Anyone who is a mom with two kids like I am is probably an expert at division. Everything from orange juice to gummy bears to the time spent on a good night hug has to be equal. When it isn't one of my lil soldiers will call me on it and then I've got to make it right. And so as mom I'm proficient at cutting almost anything right down the middle if necessary. As my boys get older the challenge of constant equity becomes harder to achieve. Already, just based on their personalities, their academic abilities and what it takes to bring out the best of them, I can see that at any given time one may need me more than the other one. I come from a family of two girls and my mother used to always say - I love you both just as much but I love you differently because you're two different people.

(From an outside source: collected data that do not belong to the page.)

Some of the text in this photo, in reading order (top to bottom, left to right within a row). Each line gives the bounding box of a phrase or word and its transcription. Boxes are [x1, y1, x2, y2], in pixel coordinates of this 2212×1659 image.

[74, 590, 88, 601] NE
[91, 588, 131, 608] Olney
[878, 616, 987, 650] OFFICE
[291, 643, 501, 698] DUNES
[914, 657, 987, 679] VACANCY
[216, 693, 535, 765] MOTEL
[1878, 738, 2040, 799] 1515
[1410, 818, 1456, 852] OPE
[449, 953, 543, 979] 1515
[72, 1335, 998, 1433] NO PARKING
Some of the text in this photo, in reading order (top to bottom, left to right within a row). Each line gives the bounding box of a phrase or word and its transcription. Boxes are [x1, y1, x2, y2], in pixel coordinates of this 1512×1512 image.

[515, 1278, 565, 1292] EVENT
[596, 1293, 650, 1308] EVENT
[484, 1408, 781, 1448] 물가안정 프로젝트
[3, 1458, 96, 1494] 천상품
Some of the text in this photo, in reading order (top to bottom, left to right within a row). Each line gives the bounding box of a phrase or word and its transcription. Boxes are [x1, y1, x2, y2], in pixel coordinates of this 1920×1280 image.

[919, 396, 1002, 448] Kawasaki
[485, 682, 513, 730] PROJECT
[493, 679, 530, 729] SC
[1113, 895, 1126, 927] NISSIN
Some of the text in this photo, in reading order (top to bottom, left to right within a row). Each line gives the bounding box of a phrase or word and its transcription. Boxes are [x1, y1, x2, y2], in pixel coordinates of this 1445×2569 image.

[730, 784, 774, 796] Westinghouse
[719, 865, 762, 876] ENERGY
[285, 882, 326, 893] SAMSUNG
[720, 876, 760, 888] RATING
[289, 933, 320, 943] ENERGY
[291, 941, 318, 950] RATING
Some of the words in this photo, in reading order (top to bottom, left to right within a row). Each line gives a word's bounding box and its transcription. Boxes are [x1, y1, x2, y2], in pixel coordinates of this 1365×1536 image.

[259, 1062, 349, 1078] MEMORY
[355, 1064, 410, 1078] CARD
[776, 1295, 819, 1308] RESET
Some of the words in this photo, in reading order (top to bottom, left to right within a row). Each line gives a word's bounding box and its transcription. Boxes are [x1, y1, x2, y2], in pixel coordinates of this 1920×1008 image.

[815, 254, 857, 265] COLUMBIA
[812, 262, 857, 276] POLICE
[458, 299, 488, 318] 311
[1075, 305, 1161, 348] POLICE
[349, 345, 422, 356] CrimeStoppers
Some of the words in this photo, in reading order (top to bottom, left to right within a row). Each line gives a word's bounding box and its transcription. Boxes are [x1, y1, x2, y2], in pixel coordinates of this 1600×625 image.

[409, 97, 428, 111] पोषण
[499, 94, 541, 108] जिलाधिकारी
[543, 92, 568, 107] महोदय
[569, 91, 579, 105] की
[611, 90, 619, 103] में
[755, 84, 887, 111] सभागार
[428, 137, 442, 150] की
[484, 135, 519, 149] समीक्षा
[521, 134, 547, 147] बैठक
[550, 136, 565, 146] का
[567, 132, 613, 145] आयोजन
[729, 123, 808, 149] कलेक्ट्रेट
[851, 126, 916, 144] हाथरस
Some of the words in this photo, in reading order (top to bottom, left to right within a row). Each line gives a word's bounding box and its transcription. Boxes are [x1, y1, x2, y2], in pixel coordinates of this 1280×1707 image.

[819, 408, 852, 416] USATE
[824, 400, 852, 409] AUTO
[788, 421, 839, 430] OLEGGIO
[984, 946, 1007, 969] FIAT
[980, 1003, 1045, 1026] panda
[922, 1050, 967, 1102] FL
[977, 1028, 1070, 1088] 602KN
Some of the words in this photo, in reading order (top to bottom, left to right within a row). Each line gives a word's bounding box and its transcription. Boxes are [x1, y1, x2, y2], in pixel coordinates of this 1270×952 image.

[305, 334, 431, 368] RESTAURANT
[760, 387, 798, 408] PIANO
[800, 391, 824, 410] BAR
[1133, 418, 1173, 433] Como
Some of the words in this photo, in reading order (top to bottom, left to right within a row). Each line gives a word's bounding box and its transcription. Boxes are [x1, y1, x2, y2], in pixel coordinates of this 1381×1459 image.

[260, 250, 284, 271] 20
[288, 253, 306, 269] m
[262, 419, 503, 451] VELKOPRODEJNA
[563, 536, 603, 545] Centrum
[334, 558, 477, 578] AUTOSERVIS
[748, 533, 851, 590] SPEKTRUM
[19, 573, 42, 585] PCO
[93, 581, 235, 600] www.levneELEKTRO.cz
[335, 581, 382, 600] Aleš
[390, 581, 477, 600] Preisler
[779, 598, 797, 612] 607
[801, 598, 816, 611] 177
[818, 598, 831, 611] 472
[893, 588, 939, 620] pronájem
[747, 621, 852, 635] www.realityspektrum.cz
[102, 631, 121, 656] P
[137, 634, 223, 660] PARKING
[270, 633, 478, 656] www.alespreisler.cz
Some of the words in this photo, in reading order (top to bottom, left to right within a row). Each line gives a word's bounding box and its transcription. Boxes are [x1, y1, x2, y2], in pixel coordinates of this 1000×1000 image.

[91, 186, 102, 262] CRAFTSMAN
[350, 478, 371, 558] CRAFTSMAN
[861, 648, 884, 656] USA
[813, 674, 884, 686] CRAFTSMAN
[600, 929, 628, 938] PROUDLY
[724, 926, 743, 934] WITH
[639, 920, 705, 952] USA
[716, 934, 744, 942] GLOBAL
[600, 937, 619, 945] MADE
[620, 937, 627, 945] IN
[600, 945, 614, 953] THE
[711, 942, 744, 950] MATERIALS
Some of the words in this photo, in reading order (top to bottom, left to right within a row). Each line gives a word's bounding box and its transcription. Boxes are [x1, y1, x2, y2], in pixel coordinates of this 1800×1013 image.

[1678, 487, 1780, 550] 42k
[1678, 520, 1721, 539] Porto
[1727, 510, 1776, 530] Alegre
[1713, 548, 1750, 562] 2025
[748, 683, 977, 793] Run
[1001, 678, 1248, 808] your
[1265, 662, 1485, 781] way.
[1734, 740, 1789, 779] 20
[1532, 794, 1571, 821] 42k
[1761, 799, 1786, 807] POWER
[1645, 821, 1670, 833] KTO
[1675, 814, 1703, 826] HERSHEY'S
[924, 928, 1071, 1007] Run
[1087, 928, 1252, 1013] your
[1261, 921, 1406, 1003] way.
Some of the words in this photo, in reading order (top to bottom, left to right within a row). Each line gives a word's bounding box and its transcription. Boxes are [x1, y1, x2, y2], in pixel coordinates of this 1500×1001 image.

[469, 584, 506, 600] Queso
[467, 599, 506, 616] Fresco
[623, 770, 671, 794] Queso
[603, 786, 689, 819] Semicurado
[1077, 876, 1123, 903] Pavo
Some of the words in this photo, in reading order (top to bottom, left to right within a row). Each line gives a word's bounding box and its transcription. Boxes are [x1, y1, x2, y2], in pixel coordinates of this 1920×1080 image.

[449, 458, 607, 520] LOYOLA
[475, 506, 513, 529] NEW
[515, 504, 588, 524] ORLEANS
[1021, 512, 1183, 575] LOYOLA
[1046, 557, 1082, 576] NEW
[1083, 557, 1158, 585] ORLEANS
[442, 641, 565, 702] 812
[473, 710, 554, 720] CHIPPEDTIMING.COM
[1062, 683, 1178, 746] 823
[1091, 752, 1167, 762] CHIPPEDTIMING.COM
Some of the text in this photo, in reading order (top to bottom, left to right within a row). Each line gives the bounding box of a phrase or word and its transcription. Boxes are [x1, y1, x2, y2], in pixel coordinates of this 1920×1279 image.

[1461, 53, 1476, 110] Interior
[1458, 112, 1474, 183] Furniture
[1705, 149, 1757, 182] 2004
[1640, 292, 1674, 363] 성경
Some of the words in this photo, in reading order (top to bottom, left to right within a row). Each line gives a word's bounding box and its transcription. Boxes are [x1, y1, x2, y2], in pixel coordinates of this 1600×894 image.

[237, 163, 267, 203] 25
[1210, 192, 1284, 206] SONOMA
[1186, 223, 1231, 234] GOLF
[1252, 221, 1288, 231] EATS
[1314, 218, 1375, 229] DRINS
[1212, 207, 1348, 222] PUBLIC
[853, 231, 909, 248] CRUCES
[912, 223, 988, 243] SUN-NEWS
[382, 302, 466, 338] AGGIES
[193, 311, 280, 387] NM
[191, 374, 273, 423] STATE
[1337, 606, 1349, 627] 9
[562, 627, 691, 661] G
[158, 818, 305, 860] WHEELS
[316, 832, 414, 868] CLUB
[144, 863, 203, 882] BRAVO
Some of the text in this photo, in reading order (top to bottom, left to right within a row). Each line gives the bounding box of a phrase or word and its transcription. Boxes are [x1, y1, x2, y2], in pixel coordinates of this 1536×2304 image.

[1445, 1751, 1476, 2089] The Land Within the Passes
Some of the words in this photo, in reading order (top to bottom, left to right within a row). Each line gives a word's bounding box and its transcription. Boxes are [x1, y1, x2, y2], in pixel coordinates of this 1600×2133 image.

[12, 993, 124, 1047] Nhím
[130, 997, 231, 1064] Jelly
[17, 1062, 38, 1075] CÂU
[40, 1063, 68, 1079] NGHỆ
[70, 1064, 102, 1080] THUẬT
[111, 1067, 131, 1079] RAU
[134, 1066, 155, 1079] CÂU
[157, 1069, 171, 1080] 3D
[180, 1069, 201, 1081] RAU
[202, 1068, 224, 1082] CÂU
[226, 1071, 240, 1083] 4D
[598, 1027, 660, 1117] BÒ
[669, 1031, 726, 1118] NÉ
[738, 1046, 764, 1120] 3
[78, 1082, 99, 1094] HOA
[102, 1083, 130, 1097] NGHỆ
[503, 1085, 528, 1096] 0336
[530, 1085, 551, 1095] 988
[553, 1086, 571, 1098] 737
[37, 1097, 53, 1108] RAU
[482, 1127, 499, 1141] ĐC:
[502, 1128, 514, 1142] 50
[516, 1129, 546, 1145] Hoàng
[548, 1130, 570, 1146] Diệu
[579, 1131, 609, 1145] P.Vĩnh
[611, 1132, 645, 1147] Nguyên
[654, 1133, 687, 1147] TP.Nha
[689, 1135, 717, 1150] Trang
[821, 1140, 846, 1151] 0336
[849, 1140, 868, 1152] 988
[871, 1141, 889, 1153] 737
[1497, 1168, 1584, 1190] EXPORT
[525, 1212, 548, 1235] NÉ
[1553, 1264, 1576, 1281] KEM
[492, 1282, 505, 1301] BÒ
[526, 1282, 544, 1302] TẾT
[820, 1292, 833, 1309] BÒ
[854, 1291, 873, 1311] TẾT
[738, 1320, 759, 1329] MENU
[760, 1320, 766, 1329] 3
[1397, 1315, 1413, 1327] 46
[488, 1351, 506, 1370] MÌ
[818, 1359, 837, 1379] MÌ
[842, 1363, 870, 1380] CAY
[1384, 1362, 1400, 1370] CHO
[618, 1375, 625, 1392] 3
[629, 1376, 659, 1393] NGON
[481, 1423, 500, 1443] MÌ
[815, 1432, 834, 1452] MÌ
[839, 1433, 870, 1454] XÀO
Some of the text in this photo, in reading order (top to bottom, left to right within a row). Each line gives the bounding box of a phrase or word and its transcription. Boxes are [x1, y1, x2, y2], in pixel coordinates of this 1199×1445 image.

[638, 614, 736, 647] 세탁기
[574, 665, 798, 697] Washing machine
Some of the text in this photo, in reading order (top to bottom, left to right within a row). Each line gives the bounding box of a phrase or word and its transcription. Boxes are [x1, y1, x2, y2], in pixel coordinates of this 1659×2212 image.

I can't imagine the difficulties of having boys and girls in the same household. But people I know with "gender mixed homes" have to deal with this early on. are the chores, the time and the love equally divided or is mom putting more responsibility on the daughters and more hugs on the sons. And is dad going easy on the girls and showing tough love to his sons? However it goes in your house you need to ask yourself how it will translate to the work place someday.
Let's start by asking ourselves how our own family dynamics growing up has had an impact on us as employees. The topic comes to mind because in many workplace settings including mine - the women are carrying a much heavier load than the men are. We work harder, longer and are willing to do almost anything asked of us.
Not saying it's wrong just saying that's the way it usually breaks down and trying to figure out why. What are we trying to prove? Whose acceptance are we trying to gain? Who benefits and who gets hurt? A lot I think has to do with our work ethic and that starts at home. If you're parents were hard workers and expected the most from you, whether you're male or female then more than likely you inherited some of those qualities. I know I often thank my daddy for instilling in me such a strong work ethic. He treated work like he was going to the party - don't meet them there, BEAT them there.
But what if you saw your mom and dad both work hard outside the home but also saw your mom come and work hard and take on the food preparation, laundry homework, etc? What if you never heard your mom say no? As a woman would you grow up to believe you could do it all. As a man would you grow up thinking there's nothing you couldn't expect a woman to achieve?
Let me pause and take off my superwoman cape!
I am blessed to be working in a profession that I truly love. I mean a career that I have an absolute love affair with. The upside of that is I can spend hours at the office, in the studio, at home, by the pool, in bed - almost anywhere working or thinking about work and how I can get better and make the things I am responsible for better too.
That upside can also turn quicly into a downside because for me there's no quitting time, no off button, no real clear end of the day. And even if I did want to respect the 8 hour work day - how am I supposed to tell my boss I'm "closed" for the day??? I can hear him now ... "I wish a producer would .... "
But NO downtime???? That can't be good or fair for my family and relationships. And I know that my most of my male counterparts clearly divide what's work time and what isn't...and if they're putting in extra hours they're logging them and being compensated with money, time off or something.
But me????? And by me - I mean women across the globe. Yep, I've become the momentary poster girl for working women worldwide.
So why do it? What's in it for me?
The answer to those questions come easy for me. Satisfaction, gratification, a boost to my self esteem for starters and a lot that has nothing to do with money although, like anyone I would welcome more of it.
But I'd also welcome my bosses saying, "Damn Nikki, you work your behind off and we appreciate it. It really has made a difference." LOL Wishful thinking, huh?
Well I may never hear it but I already know it's true. And if I never hear the words - even after I print this blog out for my boss and show it to him - I will keep working hard at what I love.
And also realize that the hard work I put in on the job doesn't stop there. I'm a hardworking mother, friend, daughter and lover. I don't half-step at anything I do. So while my family and friends may suffer a little because my mind is on work so much they also benefit because I give everything my all.
And while I'm still waiting for the props I deserve at work and in some other areas, (you know what I'm talking about ladies!)my boys thank me every day and that's enough for me.